• [TASK TO COMPLETE] Look below for the line containing "this 2000×1333 image.". Output it and each remaining line of the entries exactly, and nothing else.

------------------------------------

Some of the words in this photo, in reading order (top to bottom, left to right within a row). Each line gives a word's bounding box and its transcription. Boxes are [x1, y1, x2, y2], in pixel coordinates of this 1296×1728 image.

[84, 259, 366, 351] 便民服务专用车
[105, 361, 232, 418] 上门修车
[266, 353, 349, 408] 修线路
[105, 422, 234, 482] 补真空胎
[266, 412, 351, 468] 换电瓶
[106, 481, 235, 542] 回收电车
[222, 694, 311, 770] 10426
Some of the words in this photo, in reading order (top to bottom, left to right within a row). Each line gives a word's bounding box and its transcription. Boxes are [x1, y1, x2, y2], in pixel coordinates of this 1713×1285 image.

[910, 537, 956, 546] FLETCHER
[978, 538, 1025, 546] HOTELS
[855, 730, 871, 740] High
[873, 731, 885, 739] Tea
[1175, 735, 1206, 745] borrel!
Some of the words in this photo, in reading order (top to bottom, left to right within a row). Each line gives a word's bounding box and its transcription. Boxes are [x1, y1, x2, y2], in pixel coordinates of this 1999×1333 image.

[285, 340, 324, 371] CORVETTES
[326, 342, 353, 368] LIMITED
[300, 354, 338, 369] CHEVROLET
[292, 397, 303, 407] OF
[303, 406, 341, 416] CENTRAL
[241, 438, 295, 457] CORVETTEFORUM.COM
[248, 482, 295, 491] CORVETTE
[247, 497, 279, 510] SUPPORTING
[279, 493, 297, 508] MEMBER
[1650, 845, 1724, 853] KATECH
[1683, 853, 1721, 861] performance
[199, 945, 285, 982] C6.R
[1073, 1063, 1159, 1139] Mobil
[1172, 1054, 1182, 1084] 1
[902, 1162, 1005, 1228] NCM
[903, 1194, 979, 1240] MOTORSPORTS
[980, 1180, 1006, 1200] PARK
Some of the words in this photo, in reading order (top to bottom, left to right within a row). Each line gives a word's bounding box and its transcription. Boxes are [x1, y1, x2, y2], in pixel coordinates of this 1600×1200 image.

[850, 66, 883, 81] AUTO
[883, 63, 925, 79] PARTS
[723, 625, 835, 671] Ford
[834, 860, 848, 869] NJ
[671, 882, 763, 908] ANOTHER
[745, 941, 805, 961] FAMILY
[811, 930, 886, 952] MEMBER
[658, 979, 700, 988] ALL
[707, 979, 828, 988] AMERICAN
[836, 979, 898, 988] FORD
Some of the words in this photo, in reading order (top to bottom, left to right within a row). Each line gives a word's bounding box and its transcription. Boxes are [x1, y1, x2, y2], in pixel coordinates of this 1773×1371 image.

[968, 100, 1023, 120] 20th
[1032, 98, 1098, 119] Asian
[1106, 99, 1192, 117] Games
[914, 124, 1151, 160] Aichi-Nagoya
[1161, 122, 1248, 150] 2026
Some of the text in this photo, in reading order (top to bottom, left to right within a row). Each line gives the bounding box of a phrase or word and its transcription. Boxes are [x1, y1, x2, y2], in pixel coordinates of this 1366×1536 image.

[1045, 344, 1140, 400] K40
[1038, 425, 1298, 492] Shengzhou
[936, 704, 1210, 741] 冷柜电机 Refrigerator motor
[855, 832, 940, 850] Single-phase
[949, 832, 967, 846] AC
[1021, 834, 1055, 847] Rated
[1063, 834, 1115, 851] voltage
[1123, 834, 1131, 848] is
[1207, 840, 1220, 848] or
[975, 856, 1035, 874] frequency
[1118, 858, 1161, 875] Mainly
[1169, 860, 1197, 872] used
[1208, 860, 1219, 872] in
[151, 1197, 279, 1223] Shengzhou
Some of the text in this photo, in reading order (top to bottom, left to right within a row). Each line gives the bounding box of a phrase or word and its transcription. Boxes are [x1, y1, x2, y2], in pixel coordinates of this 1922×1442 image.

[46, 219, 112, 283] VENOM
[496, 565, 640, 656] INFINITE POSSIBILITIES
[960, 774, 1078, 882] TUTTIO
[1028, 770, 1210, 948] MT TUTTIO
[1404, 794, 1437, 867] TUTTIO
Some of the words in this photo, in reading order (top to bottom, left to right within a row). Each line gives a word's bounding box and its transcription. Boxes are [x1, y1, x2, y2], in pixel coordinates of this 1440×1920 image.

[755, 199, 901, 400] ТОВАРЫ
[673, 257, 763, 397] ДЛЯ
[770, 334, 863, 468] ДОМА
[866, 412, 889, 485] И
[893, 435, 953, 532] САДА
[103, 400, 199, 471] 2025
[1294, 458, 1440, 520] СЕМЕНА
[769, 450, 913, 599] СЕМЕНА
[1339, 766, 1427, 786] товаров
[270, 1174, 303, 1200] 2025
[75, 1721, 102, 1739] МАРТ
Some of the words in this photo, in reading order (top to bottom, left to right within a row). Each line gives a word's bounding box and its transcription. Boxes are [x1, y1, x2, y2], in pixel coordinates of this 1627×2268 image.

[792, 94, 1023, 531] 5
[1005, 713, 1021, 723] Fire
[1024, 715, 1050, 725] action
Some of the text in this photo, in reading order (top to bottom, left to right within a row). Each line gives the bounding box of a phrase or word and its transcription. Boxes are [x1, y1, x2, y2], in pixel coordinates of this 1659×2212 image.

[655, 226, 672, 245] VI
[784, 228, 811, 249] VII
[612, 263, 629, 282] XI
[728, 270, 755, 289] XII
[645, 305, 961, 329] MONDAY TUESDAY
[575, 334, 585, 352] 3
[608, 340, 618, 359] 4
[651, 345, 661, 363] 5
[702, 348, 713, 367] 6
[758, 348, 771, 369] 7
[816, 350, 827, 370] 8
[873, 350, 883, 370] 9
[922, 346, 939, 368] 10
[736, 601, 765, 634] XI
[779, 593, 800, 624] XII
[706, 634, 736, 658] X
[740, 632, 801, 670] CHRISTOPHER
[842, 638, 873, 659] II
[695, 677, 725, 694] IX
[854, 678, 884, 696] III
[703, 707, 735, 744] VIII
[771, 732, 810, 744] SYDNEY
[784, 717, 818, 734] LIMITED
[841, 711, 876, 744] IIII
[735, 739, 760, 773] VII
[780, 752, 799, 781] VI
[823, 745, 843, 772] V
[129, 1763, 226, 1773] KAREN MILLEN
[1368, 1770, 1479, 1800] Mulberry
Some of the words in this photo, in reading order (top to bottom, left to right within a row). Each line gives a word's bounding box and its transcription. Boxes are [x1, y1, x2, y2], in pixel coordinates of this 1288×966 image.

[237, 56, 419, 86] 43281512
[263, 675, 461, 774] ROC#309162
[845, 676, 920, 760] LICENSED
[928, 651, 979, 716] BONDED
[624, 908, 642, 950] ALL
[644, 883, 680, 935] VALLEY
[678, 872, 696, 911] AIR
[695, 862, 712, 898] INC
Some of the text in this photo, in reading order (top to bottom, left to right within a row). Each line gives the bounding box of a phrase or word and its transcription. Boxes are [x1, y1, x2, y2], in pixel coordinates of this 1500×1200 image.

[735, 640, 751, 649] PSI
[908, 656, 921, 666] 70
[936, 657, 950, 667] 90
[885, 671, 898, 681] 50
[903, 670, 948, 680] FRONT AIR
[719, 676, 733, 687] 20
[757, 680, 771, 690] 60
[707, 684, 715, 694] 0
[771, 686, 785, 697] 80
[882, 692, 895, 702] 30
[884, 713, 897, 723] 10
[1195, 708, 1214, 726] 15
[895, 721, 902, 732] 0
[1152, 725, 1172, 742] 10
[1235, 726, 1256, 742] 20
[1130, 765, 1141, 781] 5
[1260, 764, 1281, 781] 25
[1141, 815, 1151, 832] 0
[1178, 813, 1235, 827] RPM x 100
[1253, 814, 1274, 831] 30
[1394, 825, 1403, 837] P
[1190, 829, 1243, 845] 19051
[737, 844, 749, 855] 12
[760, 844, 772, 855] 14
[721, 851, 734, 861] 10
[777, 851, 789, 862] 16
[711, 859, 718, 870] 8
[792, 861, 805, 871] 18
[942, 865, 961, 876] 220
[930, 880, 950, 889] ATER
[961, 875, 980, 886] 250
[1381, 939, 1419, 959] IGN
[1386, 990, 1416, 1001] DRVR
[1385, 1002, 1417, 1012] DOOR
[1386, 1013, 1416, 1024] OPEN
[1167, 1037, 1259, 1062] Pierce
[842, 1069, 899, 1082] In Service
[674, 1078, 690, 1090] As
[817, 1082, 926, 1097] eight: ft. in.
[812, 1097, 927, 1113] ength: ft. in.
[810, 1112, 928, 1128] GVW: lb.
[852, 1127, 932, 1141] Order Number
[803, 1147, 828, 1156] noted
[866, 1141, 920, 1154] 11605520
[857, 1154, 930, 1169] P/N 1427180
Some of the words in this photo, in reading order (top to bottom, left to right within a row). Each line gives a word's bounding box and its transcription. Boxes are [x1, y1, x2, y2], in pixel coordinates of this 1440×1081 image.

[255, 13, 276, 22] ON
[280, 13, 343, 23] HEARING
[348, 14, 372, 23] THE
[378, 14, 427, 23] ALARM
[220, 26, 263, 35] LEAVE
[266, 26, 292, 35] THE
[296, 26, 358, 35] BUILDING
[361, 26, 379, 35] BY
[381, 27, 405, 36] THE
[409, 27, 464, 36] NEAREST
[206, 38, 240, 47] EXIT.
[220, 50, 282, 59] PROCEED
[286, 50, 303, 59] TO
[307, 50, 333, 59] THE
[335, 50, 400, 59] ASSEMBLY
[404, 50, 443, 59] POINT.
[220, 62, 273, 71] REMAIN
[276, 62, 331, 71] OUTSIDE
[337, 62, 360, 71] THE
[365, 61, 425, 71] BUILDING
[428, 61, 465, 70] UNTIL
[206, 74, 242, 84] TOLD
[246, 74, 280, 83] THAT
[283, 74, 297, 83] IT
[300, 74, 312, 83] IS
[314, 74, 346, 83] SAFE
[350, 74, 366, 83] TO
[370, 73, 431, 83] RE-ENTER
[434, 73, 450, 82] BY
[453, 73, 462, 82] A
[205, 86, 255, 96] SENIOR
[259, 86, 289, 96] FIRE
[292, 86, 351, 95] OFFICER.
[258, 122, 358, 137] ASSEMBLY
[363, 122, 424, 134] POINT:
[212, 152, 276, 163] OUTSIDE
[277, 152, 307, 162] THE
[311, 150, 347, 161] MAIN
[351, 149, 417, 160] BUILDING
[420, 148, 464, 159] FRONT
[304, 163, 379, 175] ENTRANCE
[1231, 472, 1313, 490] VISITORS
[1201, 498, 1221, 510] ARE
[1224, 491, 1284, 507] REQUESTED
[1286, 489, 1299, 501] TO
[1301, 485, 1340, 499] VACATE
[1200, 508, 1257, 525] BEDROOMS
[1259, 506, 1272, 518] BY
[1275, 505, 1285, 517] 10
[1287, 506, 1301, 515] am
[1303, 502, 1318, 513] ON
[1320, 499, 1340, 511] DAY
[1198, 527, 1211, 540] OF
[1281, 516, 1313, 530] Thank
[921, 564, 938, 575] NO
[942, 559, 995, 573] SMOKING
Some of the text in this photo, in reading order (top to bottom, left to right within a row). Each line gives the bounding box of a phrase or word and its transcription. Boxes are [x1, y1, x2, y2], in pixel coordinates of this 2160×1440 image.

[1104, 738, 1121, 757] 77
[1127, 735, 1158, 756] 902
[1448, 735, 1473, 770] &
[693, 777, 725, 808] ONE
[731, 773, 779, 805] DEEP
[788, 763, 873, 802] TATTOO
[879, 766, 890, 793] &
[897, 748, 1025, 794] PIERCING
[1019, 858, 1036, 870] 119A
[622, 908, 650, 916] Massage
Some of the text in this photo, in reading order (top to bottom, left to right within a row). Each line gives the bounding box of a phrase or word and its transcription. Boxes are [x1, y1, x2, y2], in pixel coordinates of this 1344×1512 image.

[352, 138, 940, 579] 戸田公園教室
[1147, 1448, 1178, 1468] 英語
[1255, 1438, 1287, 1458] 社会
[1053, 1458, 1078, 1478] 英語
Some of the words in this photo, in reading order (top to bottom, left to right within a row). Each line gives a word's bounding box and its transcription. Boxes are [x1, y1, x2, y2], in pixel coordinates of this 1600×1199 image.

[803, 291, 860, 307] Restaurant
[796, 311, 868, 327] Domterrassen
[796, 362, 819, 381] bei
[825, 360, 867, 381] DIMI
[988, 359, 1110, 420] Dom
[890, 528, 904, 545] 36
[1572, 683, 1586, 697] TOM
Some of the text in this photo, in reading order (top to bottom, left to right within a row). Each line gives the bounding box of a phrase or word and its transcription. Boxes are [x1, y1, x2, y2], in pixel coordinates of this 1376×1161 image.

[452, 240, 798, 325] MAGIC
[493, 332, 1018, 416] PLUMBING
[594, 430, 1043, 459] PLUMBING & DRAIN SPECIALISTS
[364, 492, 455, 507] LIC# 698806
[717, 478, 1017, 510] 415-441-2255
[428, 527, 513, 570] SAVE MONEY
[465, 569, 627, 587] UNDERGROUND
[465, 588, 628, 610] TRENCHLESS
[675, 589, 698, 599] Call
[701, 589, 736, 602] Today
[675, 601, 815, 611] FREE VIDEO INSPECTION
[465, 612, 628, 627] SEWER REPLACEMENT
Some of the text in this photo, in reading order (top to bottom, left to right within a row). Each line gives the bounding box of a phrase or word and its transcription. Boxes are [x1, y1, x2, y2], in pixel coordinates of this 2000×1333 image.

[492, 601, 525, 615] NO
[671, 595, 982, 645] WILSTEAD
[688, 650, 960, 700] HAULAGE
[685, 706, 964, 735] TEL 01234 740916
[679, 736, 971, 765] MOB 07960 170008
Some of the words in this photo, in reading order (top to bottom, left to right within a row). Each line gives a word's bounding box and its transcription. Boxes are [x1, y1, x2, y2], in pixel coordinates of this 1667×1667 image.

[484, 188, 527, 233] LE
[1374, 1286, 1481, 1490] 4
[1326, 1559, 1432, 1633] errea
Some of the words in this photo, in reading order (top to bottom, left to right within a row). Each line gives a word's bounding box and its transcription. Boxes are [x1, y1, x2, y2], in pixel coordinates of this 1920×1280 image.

------------------------------------

• [EXPECTED ANSWER]
Some of the text in this photo, in reading order (top to bottom, left to right within a row). Each line gives the bounding box of a phrase or word and its transcription. Boxes are [x1, y1, x2, y2], in pixel coordinates of this 2000×1333 image.

[492, 601, 525, 615] NO
[671, 595, 982, 645] WILSTEAD
[688, 650, 960, 700] HAULAGE
[685, 706, 964, 735] TEL 01234 740916
[679, 736, 971, 765] MOB 07960 170008
Some of the words in this photo, in reading order (top to bottom, left to right within a row). Each line gives a word's bounding box and its transcription. Boxes are [x1, y1, x2, y2], in pixel coordinates of this 1667×1667 image.

[484, 188, 527, 233] LE
[1374, 1286, 1481, 1490] 4
[1326, 1559, 1432, 1633] errea
Some of the words in this photo, in reading order (top to bottom, left to right within a row). Each line gives a word's bounding box and its transcription. Boxes are [x1, y1, x2, y2], in pixel coordinates of this 1920×1280 image.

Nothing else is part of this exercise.